Gegen-Narrative / Alternative Ansätze
Wenn man nun die Auffassung Eberts, Kermodes, Thompsons und weiterer Kassandras kurz beiseite lässt, rücken mehrere alternative Ansätze in den Blick, das Phänomen »Rückkehr zum 3D« zu erklären. Vier scheinbar kontraintuitive Behauptungen lassen sich aufstellen:
1 Die kurzfristigen Ziele des D3Ds liegen innerhalb der Filmindustrie. Die längerfristigen transformativen Effekte werden sich aber vor allem auf Kleinbildschirmen, Spielekonsolen und Mobilbildschirmen zeigen, wenn auch die Entwicklung des Fernsehens noch eine Weile in der Schwebe bleiben wird. Des Weiteren ist es für die kurzfristige Industriestrategie der D3D Einführung, sobald sie erfolgt ist, weitgehend irrelevant, ob 3D-Filme auf Großleinwänden eine vergängliche Modeerscheinung, eine Nische oder der große Wurf sein werden.

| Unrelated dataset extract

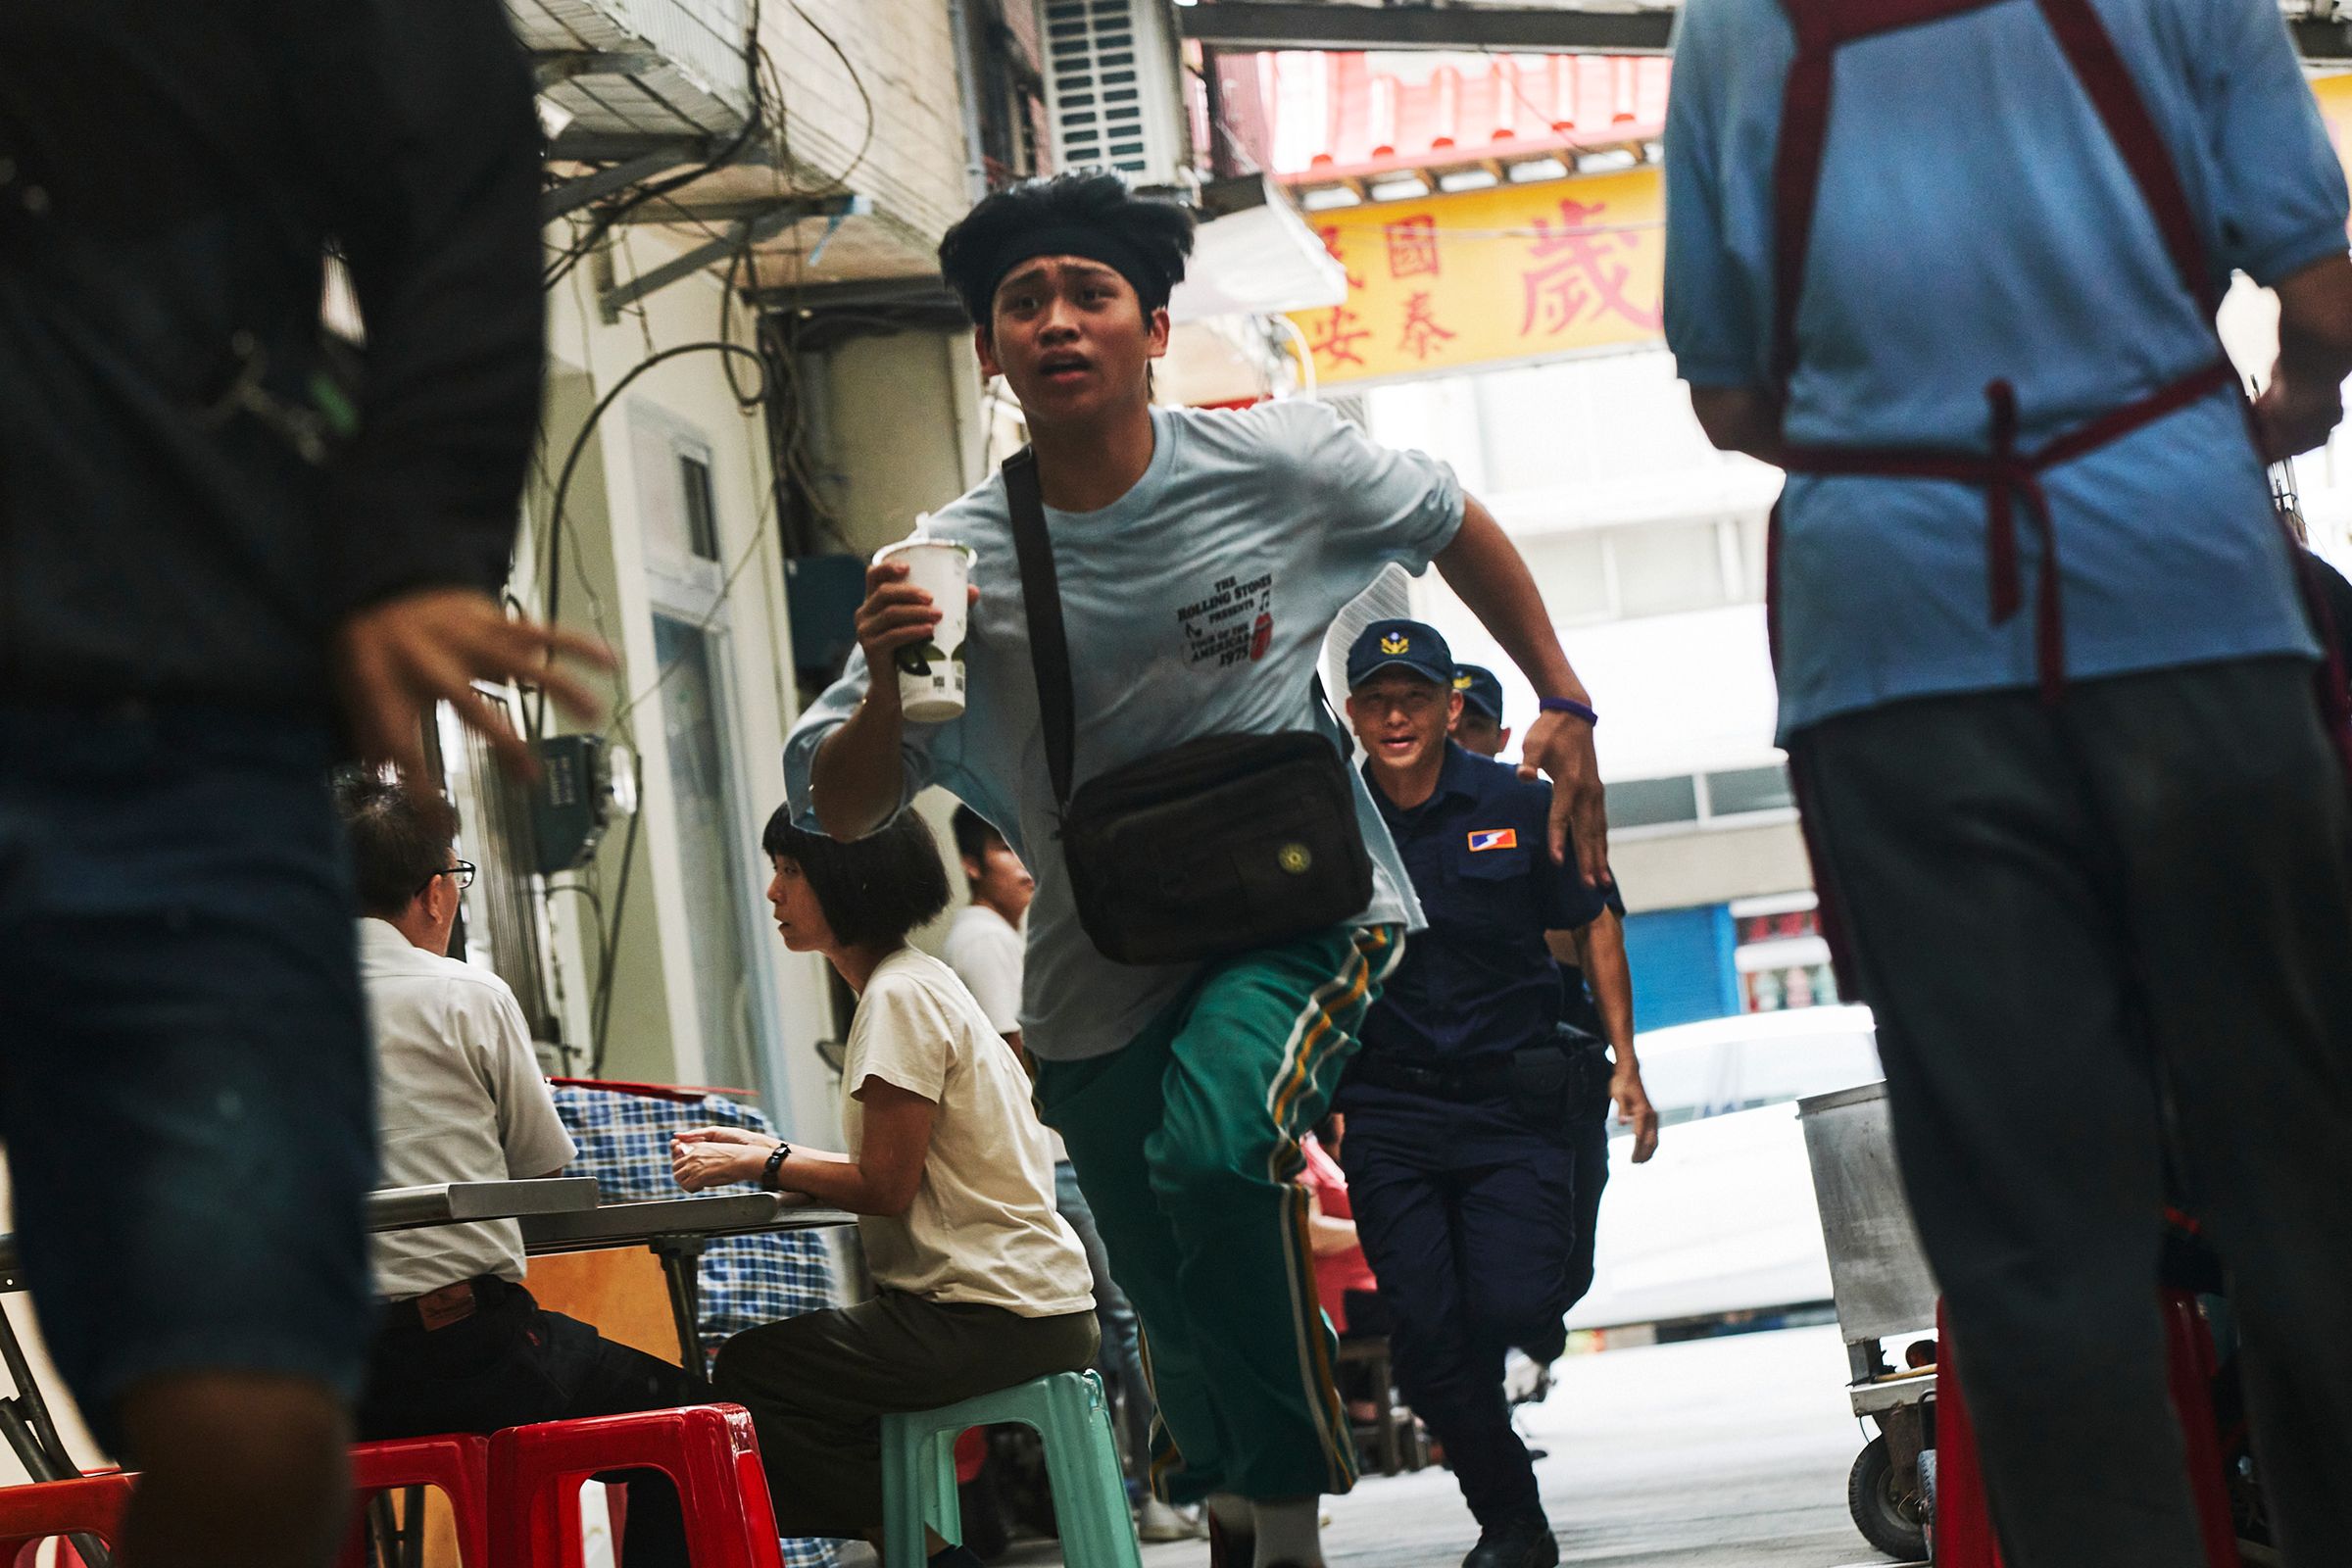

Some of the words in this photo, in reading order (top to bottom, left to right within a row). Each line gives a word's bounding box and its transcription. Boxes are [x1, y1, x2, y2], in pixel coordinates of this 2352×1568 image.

2 Das wieder auflebende 3D ist als Komplement zu Kinoton und Sound d. h. zu unseren akustischen Repräsentationssystemen zu verstehen. Wir sollten 3D also nicht (nur) als verbessertes, »realistischeres« System der visuellen Darstellung begreifen.
3 Historisch gesehen kann man argumentieren, dass 3D der 2D-Technologie in der mechanischen Bildproduktion vorausging. Noch vor der Einführung des Kinos eroberte die Stereoskopie so unterschiedliche und gleichzeitig verwandte Bereiche wie Entertainment und Militär. Das Kino übernahm daraufhin Aspekte der Stereoästhetik und unterdrückte zugleich das Wissen um deren Popularität.
4 Ästhetisch gesehen ist es das Ziel der D3D-Technologie, in den Filmen selbst eher unsichtbar, d. h. gefühlt und nicht bewusst bemerkt zu werden. In anderen Worten, ein Großteil des von Regisseuren, Designern und 3D-Zeichnern betriebenen Aufwands ist auf die »Naturalisierung« des technologisch produzierten räumlichen Blicks gerichtet, um den Effekt dadurch immer weniger wahrnehmbar zu machen.
Meine Hauptthese geht aus diesen vier Punkten hervor. Sie besagt, dass 3D nur eines der Elemente ist, die unser Bildverständnis neu definieren, dass 3D in diesem Prozess unseren zeitlichen und räumlichen Orientierungssinn verändert und somit unser verkörpertes Verhältnis zu datenintensiven simulierten Umgebungen.